In Chapter 7 I describe the first genome wide differential analysis of placental DNA methylation associated with neonates that attained different birthweight percentiles. For this I used CpG island oligonucleotide arrays and methyl DNA immunoprecipitation enrichment. After identification of possible candidate genomic regions, one of them – overlapping the WNT2 gene promoter - was selected for follow-up analysis. WNT2 stood out from the list of genes generated by the analysis of the array for a number of reasons. Much higher methylation across a relatively high number of consecutive array probes was observed for 3 of 8 IUGR cases and none of the controls. In addition, placenta normally demonstrates very high WNT2 expression. Animal data strongly support an important role for Wnt2 in placenta development, fetal growth and survival. WNT2 is a member of a family of genes whose protein product, once secreted, induces the WNT pathway. The effect on this pathway is to inhibit beta-cathenin ubiquitination and degradation, thus promoting cell division and inhibiting apoptosis. WNT2 was studied with targeted testing of methylation and expression in an extended and heterogeneous cohort of placenta samples. High methylation of the WNT2 promoter was found to be associated with low WNT2 expression and

with low birthweight percentile. The report of this work has been published in “Epigenetics” (Ferreira et al., 2011).
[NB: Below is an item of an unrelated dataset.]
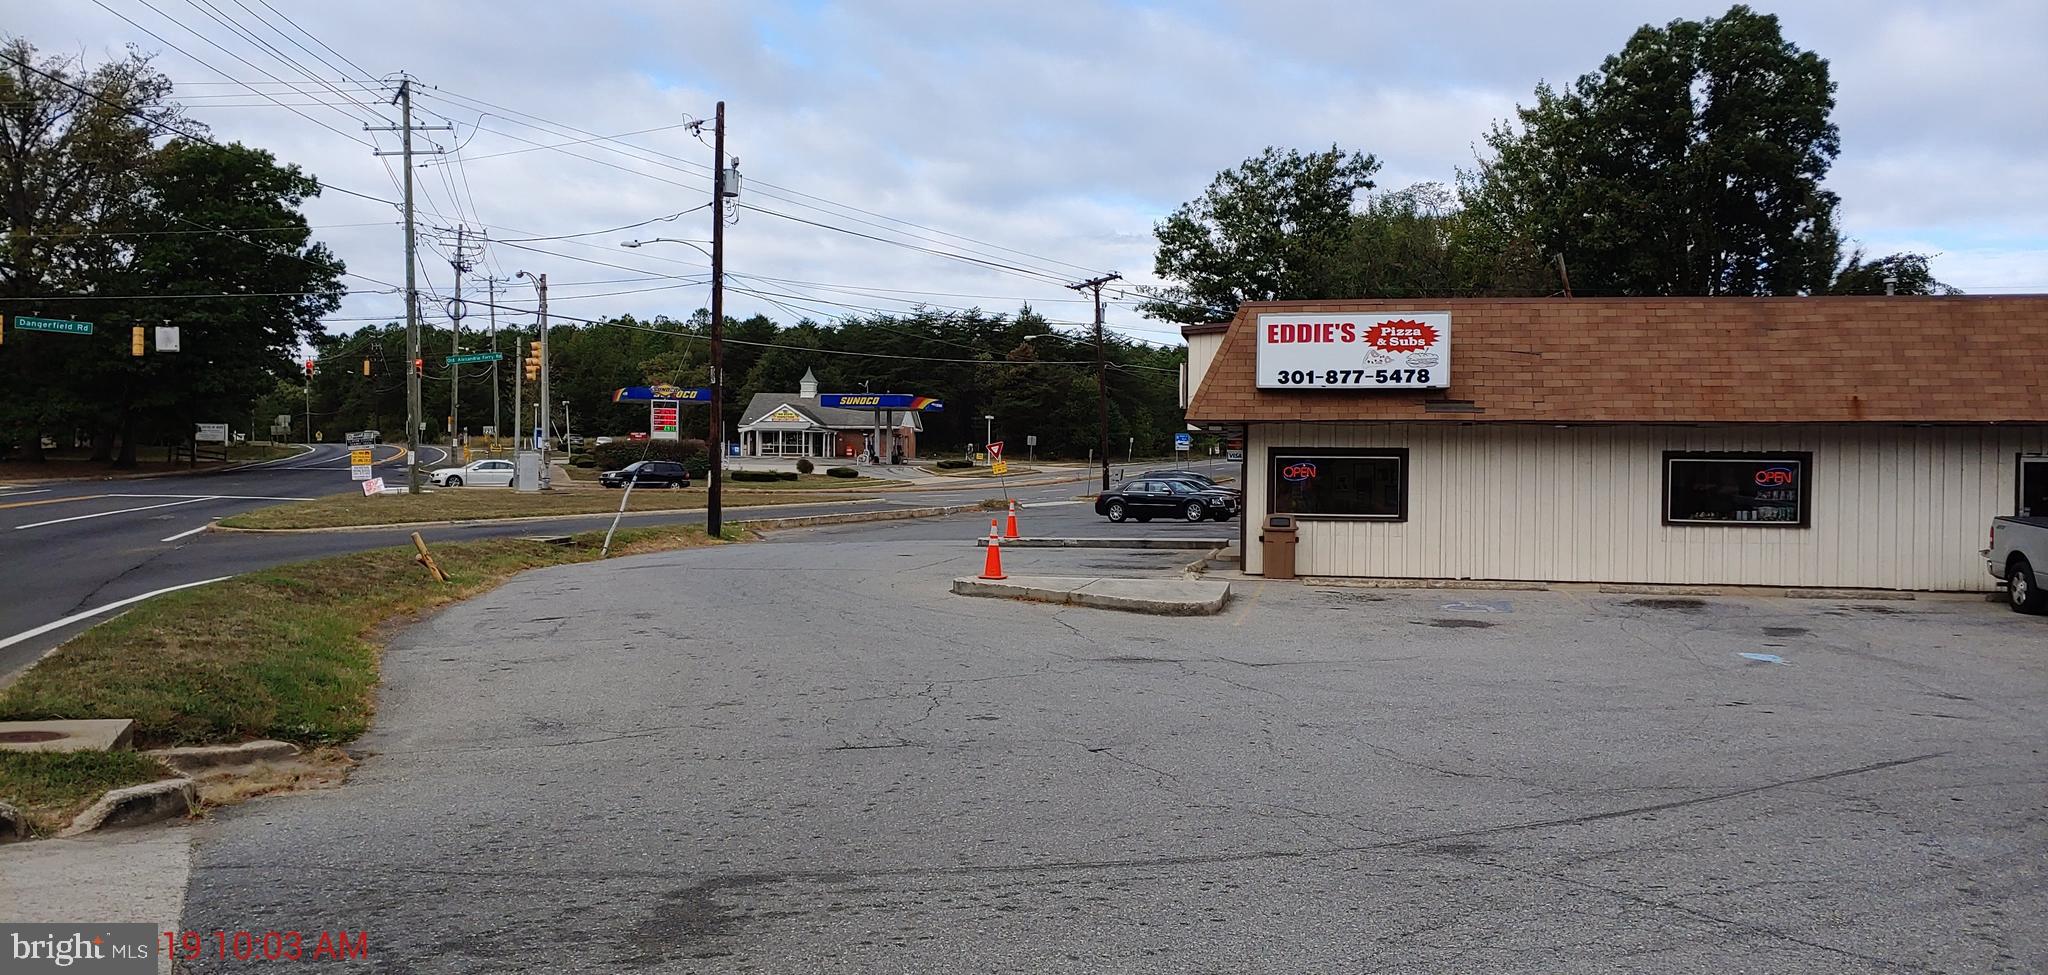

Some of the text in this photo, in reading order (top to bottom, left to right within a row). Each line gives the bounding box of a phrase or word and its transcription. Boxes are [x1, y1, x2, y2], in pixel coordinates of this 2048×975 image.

The complexity of the previous analysis, coupled with reports of biases present in the array technique, led me to do a technical appraisal of the methodologies used to analyze the microarray data generated in the previous study. This was done prior to the selection of other candidate genomic regions for follow-up. I analyzed several bias correction methods and assessed their relative strengths and limitations. I also compared the accuracy of the array platform used in the previous study with other newer platform. This work is reported in Chapter 8. I found that the data produced in the study described in Chapter 7 can be used to identify major differences, from very low or essentially no methylation to full methylation between samples. I also concluded that the newer type of array technology was more appropriate to identify more limited differences, for example, as may occur with deregulation of imprinting centers. However this second newer array platform is more limited in the genome wide coverage and density of coverage across the regions of interest. The report of this work, of which Rageen Rajendram and I are co-first authors, has been published in “Epigenetics” (Rajendram et al., 2011).

I decided to rescreen the placenta samples for methylation variation associated with placental development and fetal growth using the newer microarray technology given the results of the previously described study. This type of microarray is based on the quantitation of methylation at specific CpG sites in the genome, using hybridization and single nucleotide extension of bisulfite converted DNA. These new analyses are reported in Chapter 9. Here I identified several new candidate regions, overlapping promoters of genes whose expression and correlation with methylation was assessed using data generated from expression arrays of RNA extracted from the same placenta samples. Further validation steps to confirm the candidate array findings and follow-up studies in the extended cohort, as modeled by the WNT2 study, are required prior to submission of this data for publication. This work is currently underway under the direction of Dr. Sanaa Choufani, a Research Associate.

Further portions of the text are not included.